Era un hombre testarudo y, en contraste con sus queridos y admirados profetas —que estaban imbuidos de una soberana majestad y ya no sentían el aguijón de las pequeñas y viles animosidades humanas—, su intolerancia sobrepasaba cualquier cosa. Una mañana, mientras intentaba explicarle a un grupo de estudiantes cuál era el origen de las efigies pintadas y las ceras multicolores que adornaban los muros interiores de la Abadía de Westminster, un jovencito creyó chistoso interrumpir su arenga. El iracundo Blake no tolero la hazaña y, dándole un certero puñetazo en el pecho, lo hizo caer de bruces desde el andamio en que ambos estaban.

William Blake se alimentó –quizá hasta el empacho– de literatura hermética y siempre tuvo una mórbida inclinación por lo misterioso y sibilino. En una semblanza descuidada, el escritor estadounidense Julien Green —que tanto propagaba su admiración por el autor de Tiriel— afirma que Swedenborg fue el teólogo a quien Blake más admiró. Pero se equivocó. O mintió deliberadamente. O quizá algo más tonto: concentrado en repetir los datos biográficos cacareados por tantos otros, el orgulloso gringo —que por cierto fue el primer extranjero en ser elegido miembro de la Académie française— no puso atención a lo que el propio Blake había escrito: “Swedenborg se envanece de que cuanto escribe es nuevo, aunque sólo es un índice o un catálogo de libros publicados antes”. Y más adelante, con más énfasis, agregó que no pretenda sostener que sabe algo más… “sólo sostiene una vela al sol”.

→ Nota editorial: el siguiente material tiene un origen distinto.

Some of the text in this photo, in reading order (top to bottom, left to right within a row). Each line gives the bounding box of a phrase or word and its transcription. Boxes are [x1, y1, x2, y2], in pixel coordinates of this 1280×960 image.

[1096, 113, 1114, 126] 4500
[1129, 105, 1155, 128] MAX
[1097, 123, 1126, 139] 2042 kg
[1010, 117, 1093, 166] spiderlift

Y es que el profeta Blake, con una rabia parecida a la de Cerbero, fue un guardián implacable de sus propias creencias. Y no dejó pasar por su puerta a nadie que no se ajustara íntegramente a sus autosugestiones. Odiaba rabiosamente a la “iglesia oscurantista” y, aunque propuso unas anómalas bodas entre el cielo y el infierno —o precisamente por eso— afirmó que una de las peores experiencias que había tenido había sido “montarse en el coche fúnebre del matrimonio”.

Blake, por otro lado, fue también un dibujante concienzudo: no sólo ilustró sus propios libros —Cantos de inocencia, Canciones de experiencia, etcétera—, sino que también introdujo a sus personajes desnudos, alados y musculosos entre las páginas de obras como El Paraíso perdido, de su venerado Milton, El libro de Job y, además, comenzó las ilustraciones —que nunca terminó— de La Comedia de Dante. Y no concluyó porque Blake sólo dibujaba cuando, según decía él mismo, había tenido alguna importante revelación. Sus bocetos —que hacen pensar en terroríficos esbozos del Día del Juicio— contienen imágenes, en ocasiones de abatido espanto y, en otras, de feroz alegría, pero siempre apocalípticas.

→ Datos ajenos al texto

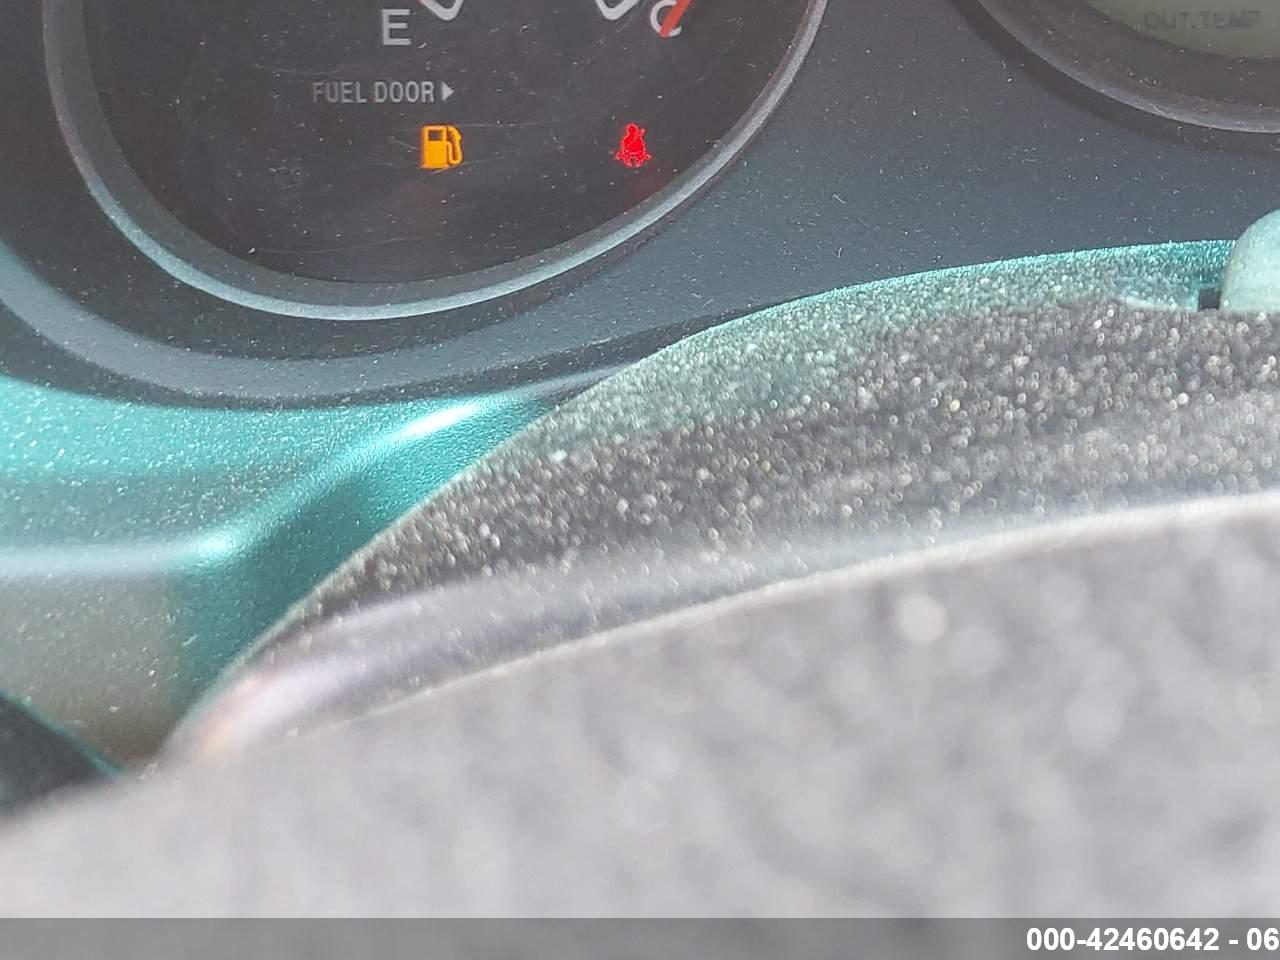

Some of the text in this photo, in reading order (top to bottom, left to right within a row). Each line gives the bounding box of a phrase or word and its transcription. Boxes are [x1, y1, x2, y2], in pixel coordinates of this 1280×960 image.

[382, 8, 411, 46] E
[312, 81, 435, 104] FUEL DOOR
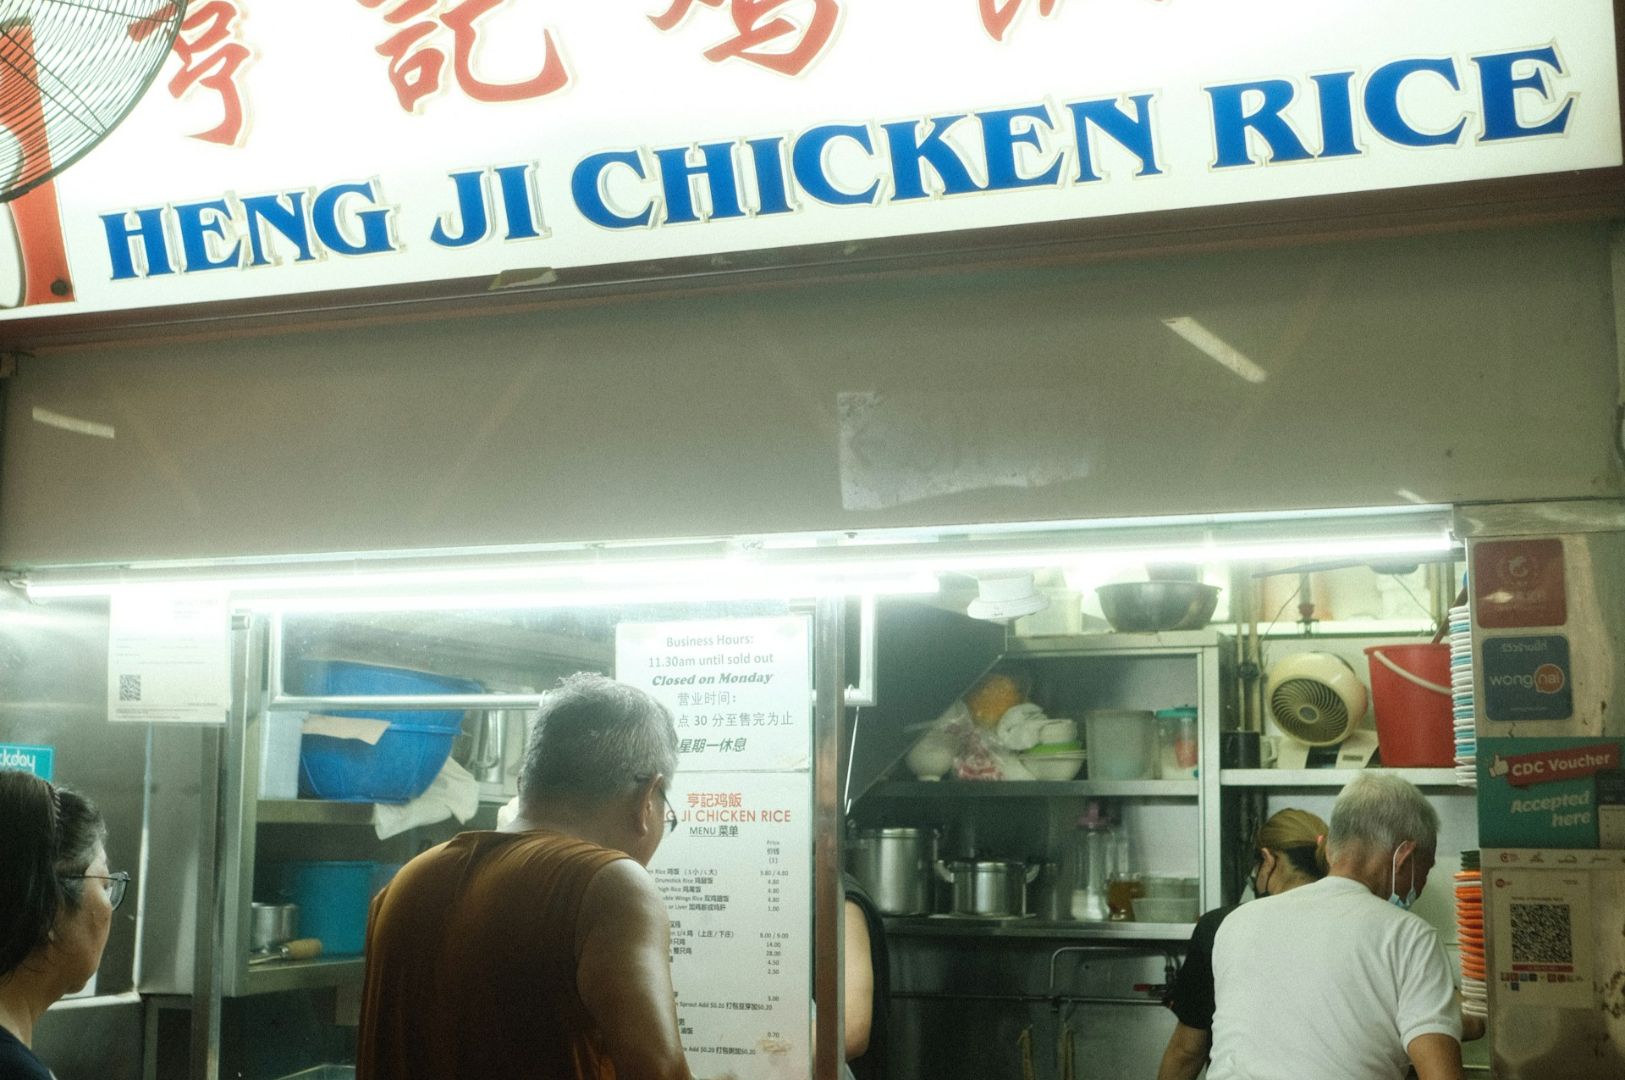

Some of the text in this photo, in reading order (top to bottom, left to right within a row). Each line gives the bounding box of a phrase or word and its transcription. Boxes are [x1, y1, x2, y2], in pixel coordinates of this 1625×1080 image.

Durante un buen rato, nadie se ocupó de imitarlo —o no pudo— y no fundó escuela. Tampoco es que su literatura hubiera querido tocar al gran público. Pero incluso sus escasos lectores, muchas veces, se sintieron ofendidos por sus asperezas. Los editores lo exasperaban y, contrario a lo que sostienen ciertos reseñista descuidados, jamás salió a buscarlos para ofrecerles sus manuscritos. El autor de El matrimonio del cielo y el infierno —dijeron en su momento sus muchos detractores— escribía cosas crípticas e indecentes. ¿Sería necesario agregar que vivió y murió pobre? Curiosamente, muchas décadas después de su muerte, sería un poeta escéptico que le cantó al sadomasoquismo, al lesbianismo y al suicidio, Algernon Charles Swinburne, el encargado de exaltar la imagen y erigir el altar pagano del iluminado William Blake.